日本救急医学会は、熱中症の診療指針を9年ぶりに改訂した。これまで3分類していた重症度に、新たに最重症群の「4度」を設けた。深部体温(体の中心部の体温)が40度以上で、意思疎通が難しい重篤な患者とし、医療機関で速やかに体を冷やす集中治療の必要があるとしている。
総務省消防庁によると、4月29日~8月25日に熱中症で救急搬送された人は8万3238人(速報値)に上る。また、年間1千人超が熱中症で亡くなっている。
従来の指針の重症度の3分類は、体温などにかかわらず、めまいや立ちくらみがある状態を「1度」、頭痛や嘔吐(おうと)があると「2度」、意識障害などがあれば「3度」と定義していた。1度は体の表面の冷却や水分・塩分の補給など現場での処置、2度以上は医療機関を受診、3度は入院が必要としていた。
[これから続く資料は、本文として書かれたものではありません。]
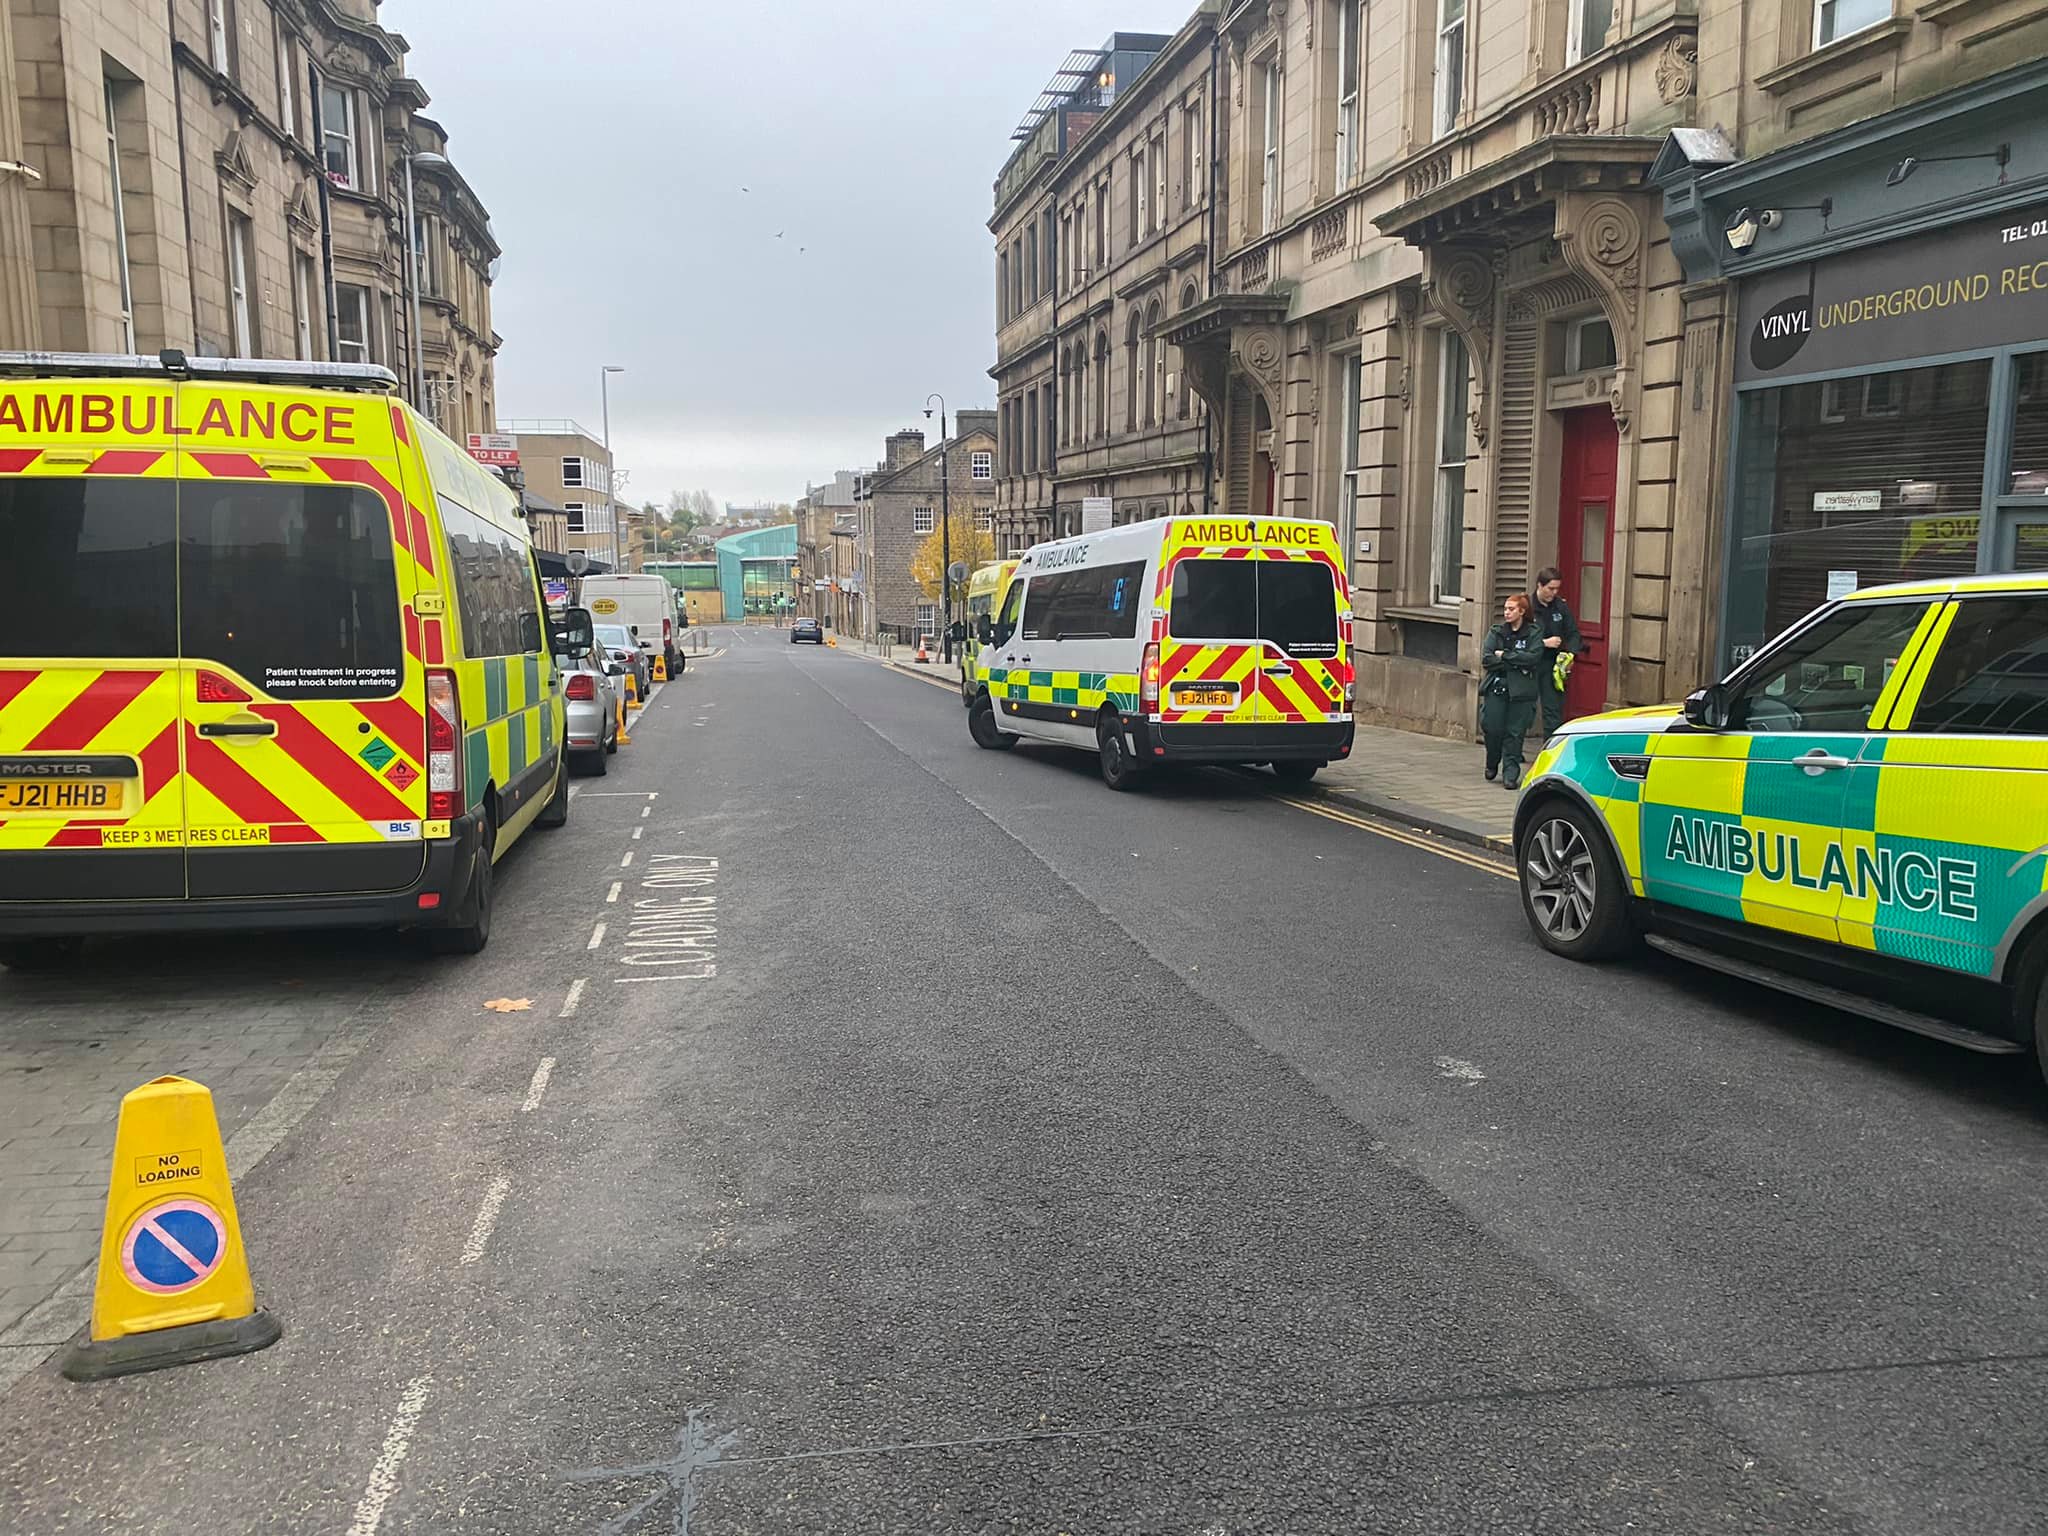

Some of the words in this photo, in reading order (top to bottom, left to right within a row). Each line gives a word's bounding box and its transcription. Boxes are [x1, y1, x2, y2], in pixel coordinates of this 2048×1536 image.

[2001, 225, 2028, 243] TEL:
[1761, 310, 1811, 339] VINYL
[1819, 274, 1990, 328] UNDERGROUND
[0, 394, 356, 445] AMBULANCE
[473, 450, 488, 459] TO
[491, 451, 511, 460] LET
[1182, 523, 1320, 545] AMBULANCE
[1036, 544, 1089, 570] AMBULANCE
[265, 668, 298, 676] Patient
[300, 668, 343, 676] treatment
[345, 668, 354, 676] in
[356, 668, 396, 677] progress
[266, 678, 296, 688] please
[298, 678, 326, 687] knock
[328, 678, 357, 687] before
[358, 678, 396, 687] entering
[2, 764, 92, 774] MASTER
[56, 784, 107, 806] HHB
[103, 831, 140, 843] KEEP
[144, 831, 151, 842] 3
[222, 828, 268, 841] CLEAR
[389, 822, 411, 832] BLS
[641, 854, 719, 888] ONLY
[1665, 814, 1977, 921] AMBULANCE
[614, 896, 718, 983] LOADING
[158, 1155, 180, 1167] NO
[138, 1166, 200, 1183] LOADING
学会は熱中症患者2500人超のデータを分析。深部体温が40度以上で、意思疎通が取れない患者の死亡率は23.5%と、それ以外の患者の6.4%と比べて高かった。
新たな指針では、深部体温が40度以上で、意思疎通が取れない患者を最重症群の「4度」とし、早急に体を冷やす「アクティブクーリング」などの治療を推奨する。